In terms of our own number here, I begin by extending my best wishes for Christmas to Malcolm Turnbull, his wife, Lucy, and their family. I hope they have a restful time over the summer break. I have been in the position that the Leader of the Opposition currently occupies. I know it has its own trials and tribulations. Therefore, I wish him and his family well for the break that is ahead of us all. As for the Manager of Opposition Business, Joe Hockey—Joe, you don’t deserve a break!

Government Members:

Keep your clothes on, Joe!

Photo of Kevin RuddKevin Rudd (Griffith, Australian Labor Party, Prime Minister) Share this | | Hansard source

Is there something I don’t know about? Joe, you are loved and revered by many of us on this side of the House, which should cause pain and discomfort to those on your side of the House. We wish you as the Manager of Opposition Business and your very young family all the best for Christmas. It is a really important time when littlies are growing up. It is a real challenge for those in this House, not just the mums but the dads as well, to have their littlies in the most formative years of their lives separated for extended periods of time from their parents. This has a significant impact on the emotional fabric of family life. Therefore, this is a season to be grabbed with both hands to celebrate the enduring value and virtue of family. As I said recently in another context, all of us should remember that in this place we strut and fret our hour upon the stage and are heard no more but what is of enduring significance are our families, our friendships and our relationships. These are of great and eternal value.

To other members and senators on the opposition benches I extend also best greetings from Therese and our family and I hope that you with your families have a restful time over the break ahead. The arduous life which this parliament presents us all requires us all to take a breather and I hope that you are able to do so as well. If I could also turn my attention now to you, Mr Speaker, this has been your first year in the position. We on this side of the House hope that you, Harry, get a decent break as well. We know that this office presents particular challenges in terms of maintaining the sobriety of this House, particularly when you have someone as outrageous as Joe on the other side. Therefore, maintaining the dignity and decorum of the office of the Speaker, despite the outrageous challenges to your authority, which occasionally arise, has been well discharged by you and we thank you for the professionalism with which you have discharged the office of Speaker.

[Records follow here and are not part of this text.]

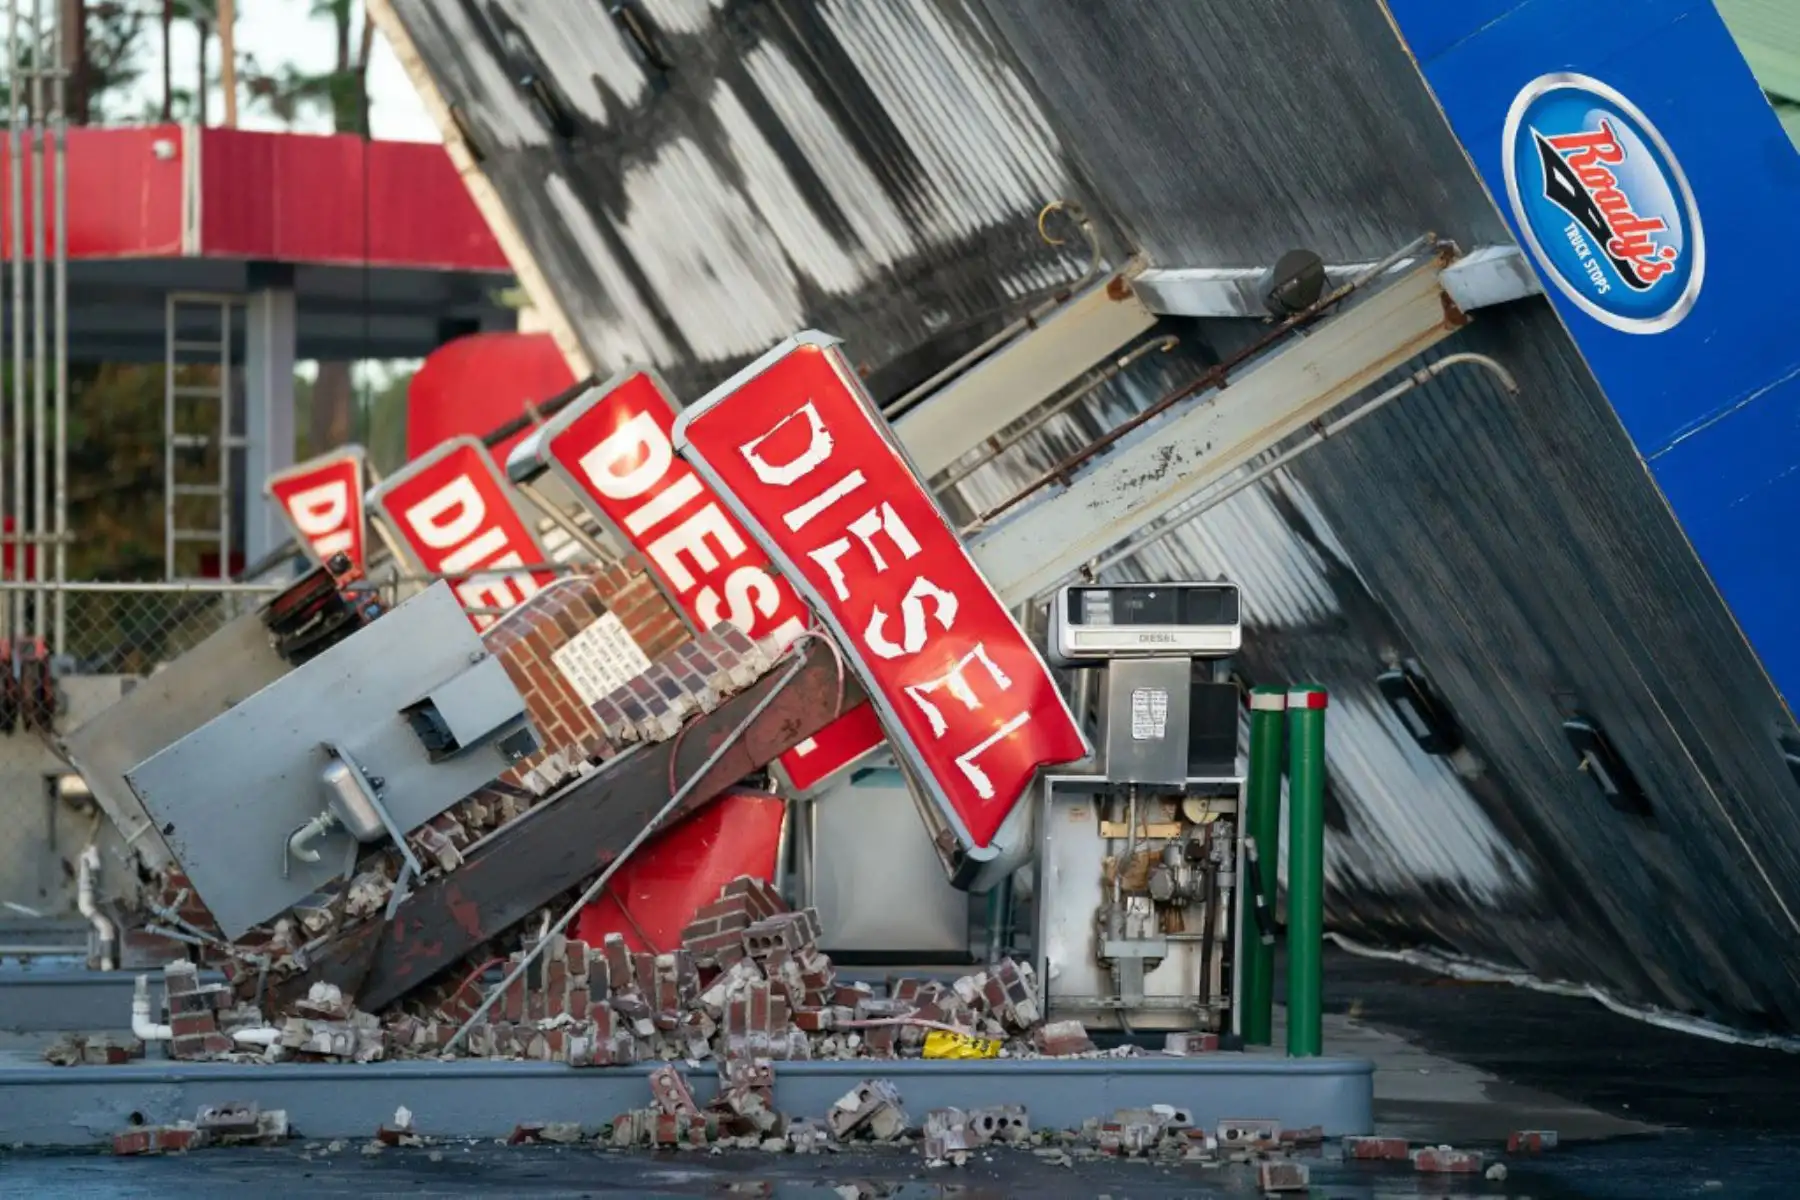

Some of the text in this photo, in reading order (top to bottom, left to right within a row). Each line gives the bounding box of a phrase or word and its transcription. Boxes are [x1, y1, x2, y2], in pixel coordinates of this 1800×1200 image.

[1547, 119, 1678, 284] Roady's
[1564, 221, 1611, 295] TRUCK STOPS
[579, 409, 819, 757] DIES
[739, 399, 1031, 800] DIESEL
[1139, 633, 1177, 643] DIESEL
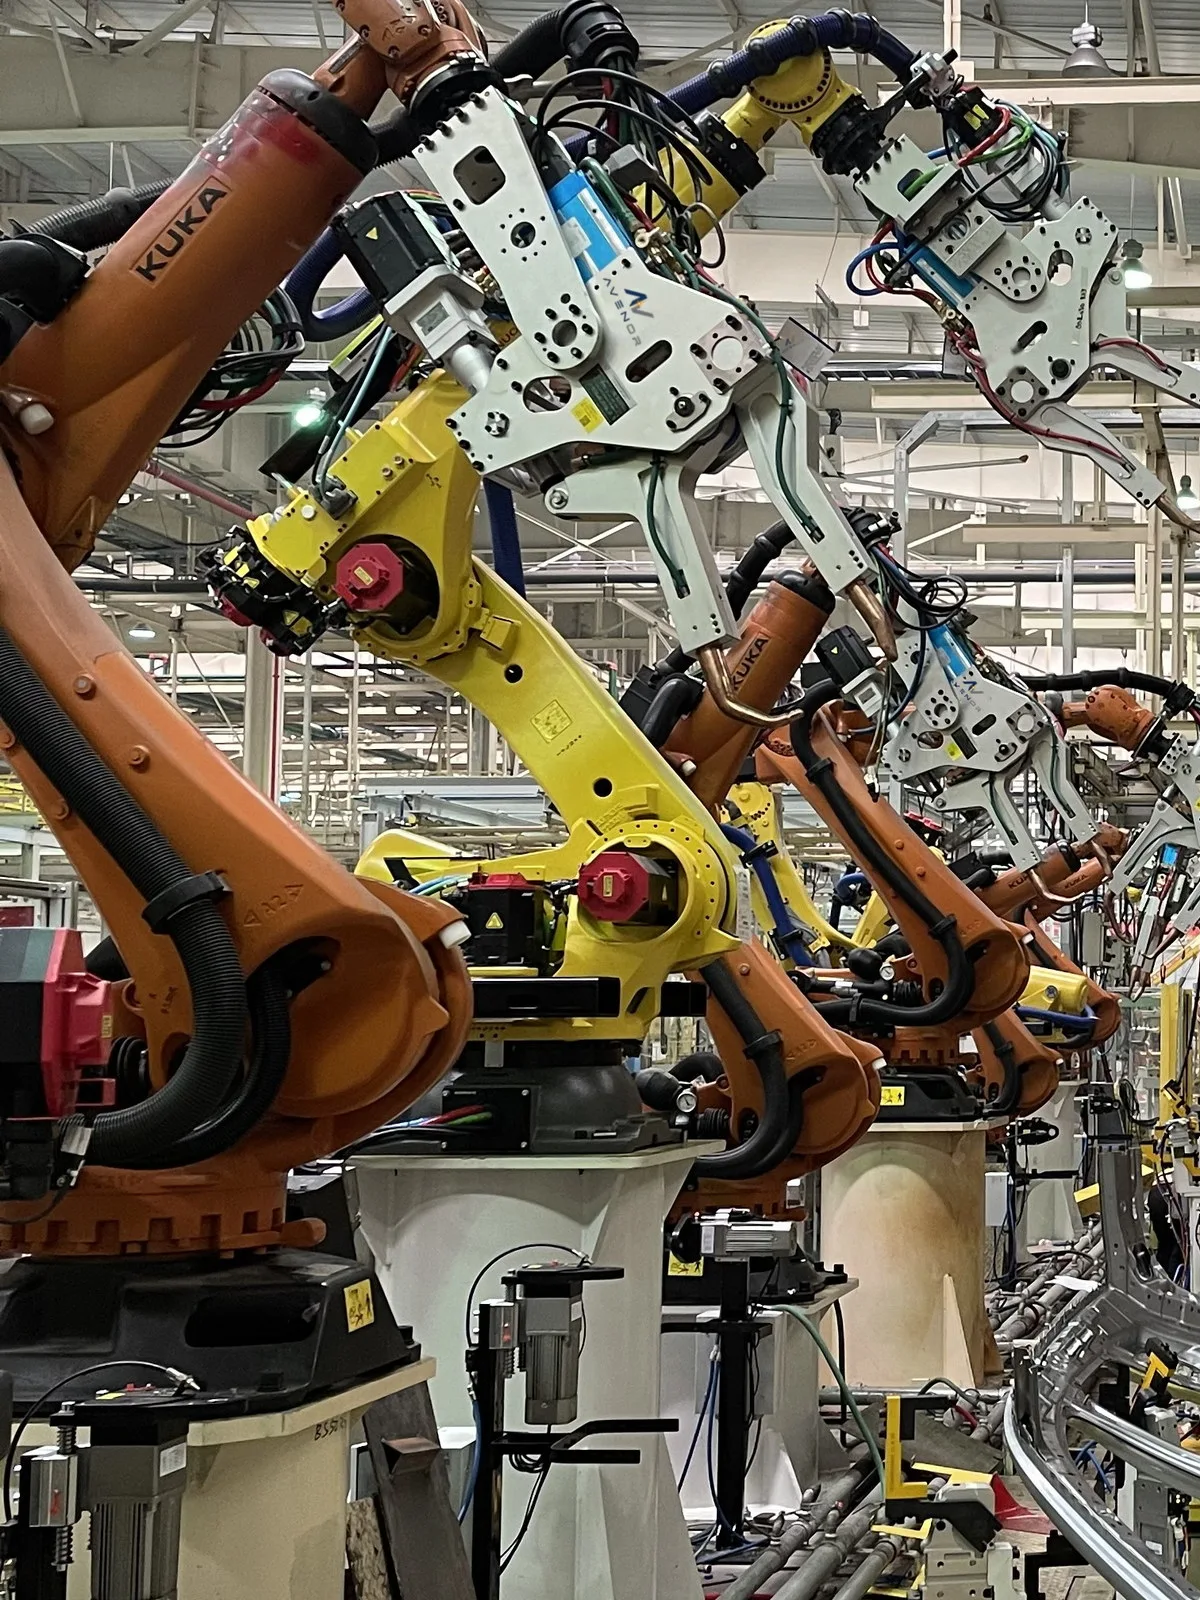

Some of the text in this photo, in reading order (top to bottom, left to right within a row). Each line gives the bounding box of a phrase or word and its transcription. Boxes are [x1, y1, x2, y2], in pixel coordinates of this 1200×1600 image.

[135, 187, 228, 283] KUKA
[602, 277, 643, 347] AVENOR
[732, 638, 769, 691] KUKA

Thanks also to the Deputy Speaker, Anna Burke, for conducting the office with good humour and good temper. My thanks as well to Tony Levy and the Parliamentary Liaison Office for the excellent work that they have done. I would also like to record my thanks to the enormous efforts of the 3,000 or so people who work in this place. It must be one of the larger workplaces in the country with 3,000 or so people in this one place who look after everything that goes on here each day in ways mostly invisible to us all and who make it possible for us to get on with the business of being parliamentarians. So through you, Ian, the Clerk of the House of Representatives, I extend my thanks to your staff, the Serjeant-at-Arms and the attendants.

The Parliamentary Library—an institution I have cruelly exploited in years past, and I am sure those opposite are now cruelly exploiting as well—is a great institution. It has often been the habit of incumbent governments to look askance at the activities of the Parliamentary Library, particularly when they do good work for oppositions. Can I just say the wheel turns for us all. This is a great institution which well serves the parliament because the debate here is much better shaped and had if it is properly informed. They are a fine group of men and women who do a very professional job for politicians on all sides of the political spectrum.

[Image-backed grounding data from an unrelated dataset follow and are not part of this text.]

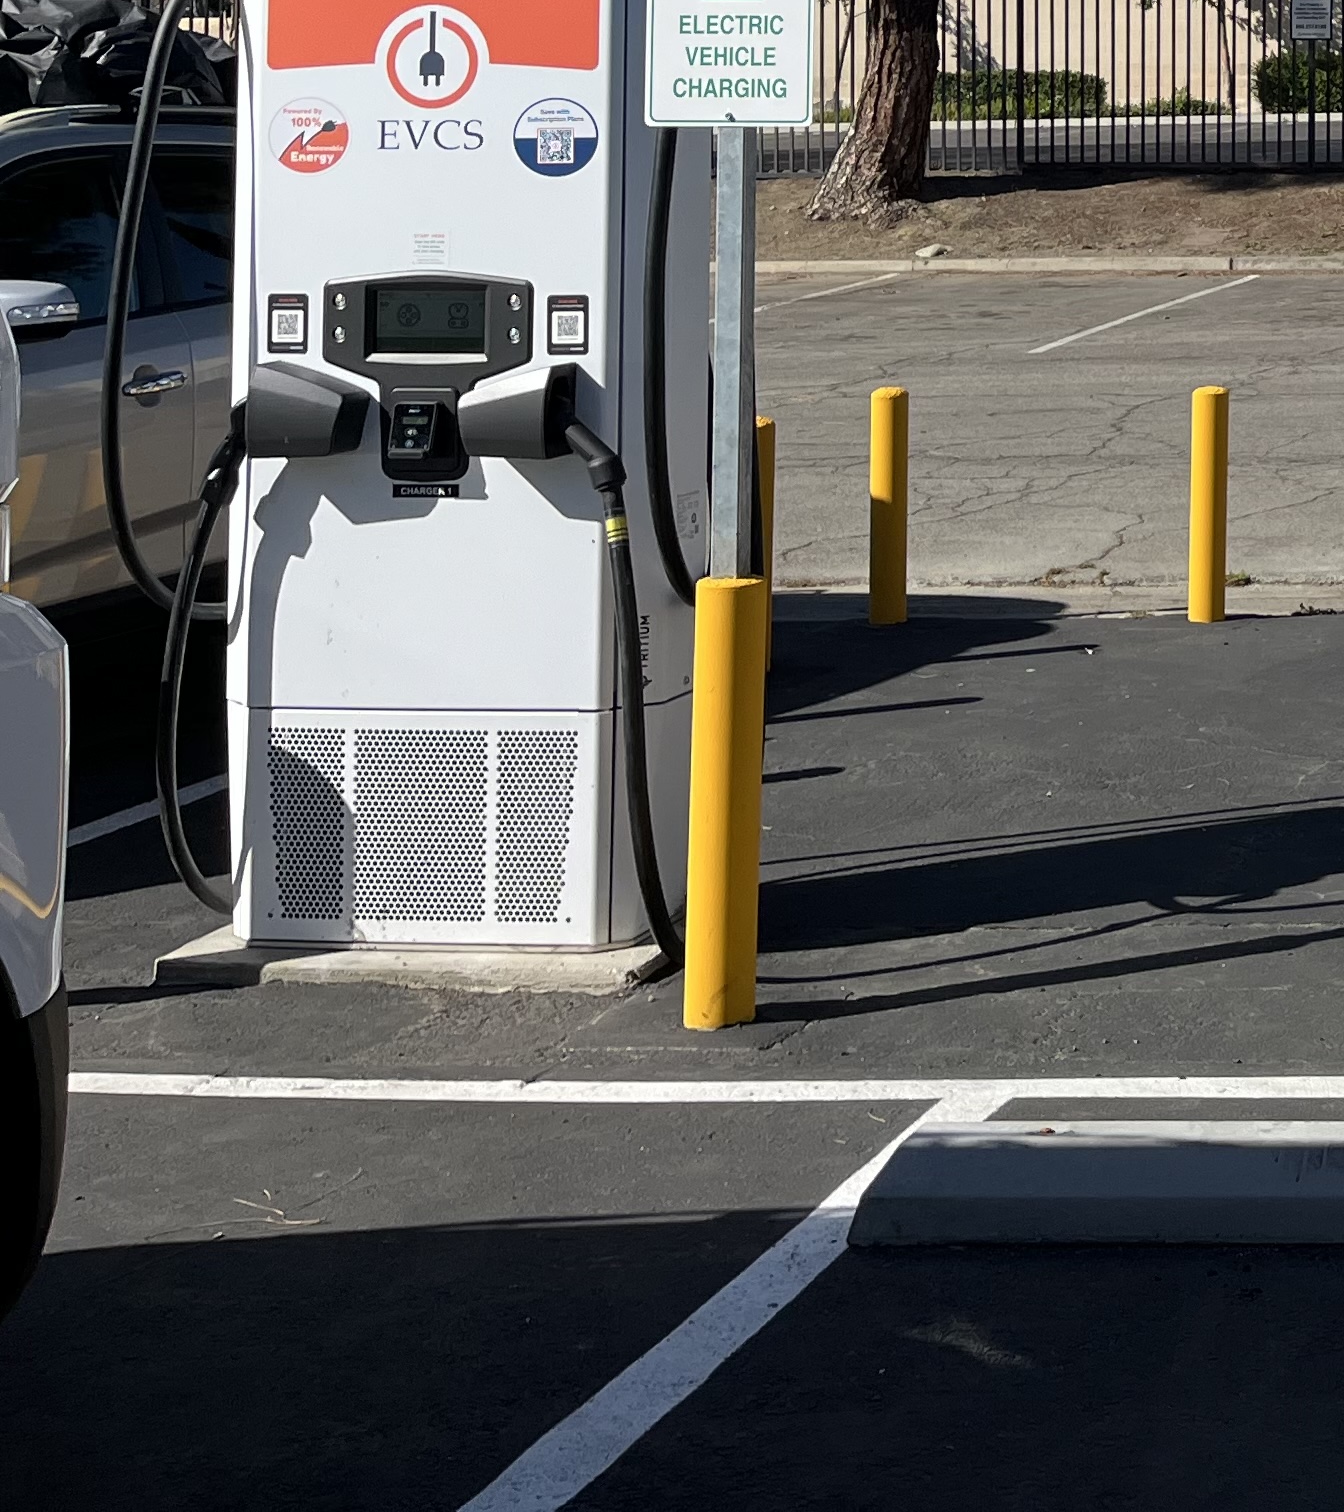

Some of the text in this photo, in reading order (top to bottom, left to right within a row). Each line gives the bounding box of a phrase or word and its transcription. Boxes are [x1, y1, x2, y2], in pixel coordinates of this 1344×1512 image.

[679, 14, 785, 35] ELECTRIC
[685, 46, 776, 66] VEHICLE
[672, 78, 787, 98] CHARGING
[291, 116, 322, 128] 100%
[376, 119, 484, 150] EVCS
[290, 150, 335, 165] Energy
[400, 486, 453, 496] CHARGER 1

To the Hansard staff, some of whom have the challenge of lending dignity, grammar and cogency to the arguments put forward from this dispatch box and from elsewhere in the parliament, all I can say is: well done. It is a challenge to render elegant that which has sometimes been rendered inelegantly. I would put on record my appreciation for their skill and their professionalism in lending to what we say in this place a higher form of art than would otherwise be the case. Not that I suggest that they ever change anything, but I appreciate the fact that grammar sometimes mysteriously appears and agreement and other things that we were taught in primary school suddenly are made manifest and clear when they may not have been as clear cut in the original delivery. My thanks to the Hansard staff, it is a great job that they do.

My thanks to the Table Office, the Parliamentary Relations Office, the HRG travel agents, the broadcasting staff, the IT support, the security guards, who have had some real challenges to deal with, the cleaning staff, the maintenance staff, the gardeners, the switchboard, the catering staff and our great Comcar drivers, who have to fit in with the fluctuating timetables of political life. Let us always remember that our Comcar drivers have families as well and it is a challenge for them to fit in with what we do here. My thanks to Comcar for the work that they have done for us in this year past because it has made our professional life more able to be done.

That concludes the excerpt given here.